'Dishi na Kaunti': Sakaja's school feeding project runs into trouble

On August 6 the county announced that 10 kitchens were ready in a programme aimed at feeding 250,000 pupils in the city.

But it is now emerging the county could be under pressure to deliver the initiative that officially started on August 28 when schools reopened for third term.

Some city residents raised concerns over the viability of feeding programme, claiming that some schools went without food on Monday --one of them being Tumaini Primary School.

It was also anticipated that the county would roll out the second phase of the programme on September 18 as earlier stated but there was no communication from City Hall.

On Tuesday, the county admitted that there are only two reliable kitchens that are being relied on to feed 45 schools in the city.

"At the moment we are in the process of completing the 10 kitchens that will serve about 10,000 meals a day distributed to the schools that are in the programme," Health Executive Suzanne Silantoi explained.

She added, "We are currently using two kitchens, the third should come up soon. We are rolling in phases because we are picking up lessons on the way,"

In the first phase, the county says, it started with 45 schools which covers 80,000 children across ECD and primary schools.

"A lot of these things are taken out of context and can always be politicised. There is no gap in terms of feeding," she explained during the inspection of the programme at Olympic Primary in Kibra.

The executive explained that for all the schools where the programme has not started, the county has communicated to them and has been told not to stop any existing feeding programme.

The second phase, she said, will have 190,000 children in 164 schools and the final phase will cover all the schools which are 235 primaries and ECDs in Nairobi.

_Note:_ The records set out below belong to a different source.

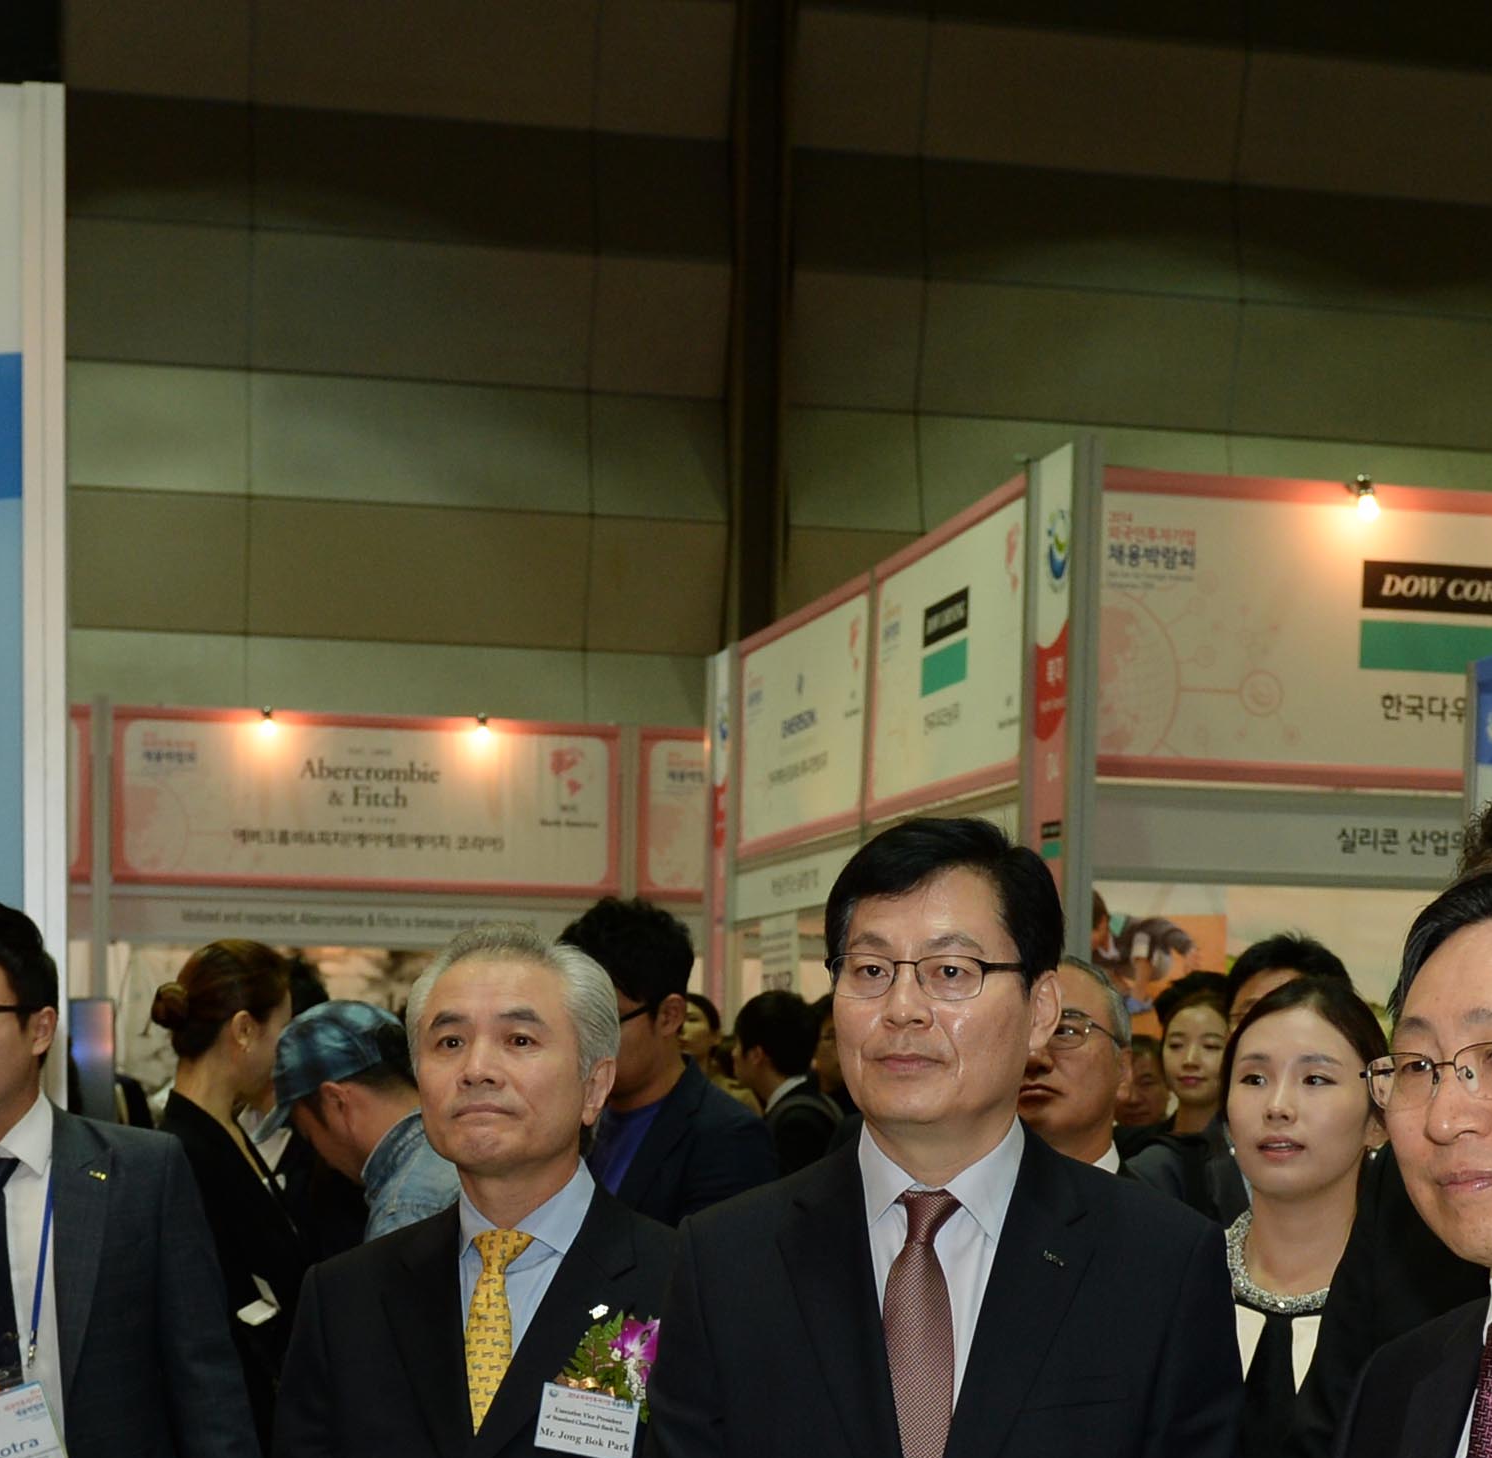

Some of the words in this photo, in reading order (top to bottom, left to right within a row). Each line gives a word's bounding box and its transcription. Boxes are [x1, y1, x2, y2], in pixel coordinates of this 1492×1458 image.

[1381, 573, 1445, 600] DOW
[300, 756, 440, 784] Abercrombie
[328, 790, 345, 807] &
[353, 785, 408, 808] Fitch
[1337, 827, 1400, 855] 실리콘
[539, 1426, 556, 1438] Mr.
[607, 1439, 630, 1452] Park

She said in the past feeding programs the parents were paying up to Sh60 but the county has reduced the cost of food through the use of central kitchens.

Meanwhile, some Nairobi MCAs yesterday defended the school feeding programme rolled out by Sakaja, saying it had led to an increase in school enrollment and retention.

The MCAs drawn from Kenya Kwanza took issue with politicians trying to sabotage the programme by creating propaganda that the food was unhygienic. The MCAs said the programme targets more than four million children and will not allow anybody to sabotage the plan.

Led by Clay City MCA Mwaura Samora, the leaders told Sakaja's rivals to wait to face him at the ballot in the next election.

"Some politicians have been meeting to scheme how to disrupt the school feeding programme. We are telling them, please do not interfere with the children," Samora said.

It followed a social media post by Sakaja that rivals met to plan to harm children in the school feeding programme.

"Meeting at Asmara planning to harm children in the school feeding program.... leave the children out of this. I'll face you in 2027. Don't poison children for your political goals. And you can't say it's their parents cooking," said the governor.

Kayole Central MCA Jeremiah Themendu claimed cartels who used to interfere with tenders at City Hall were out to sabotage Sakaja's development programmes.

"We are not going to accept their scheme," he said.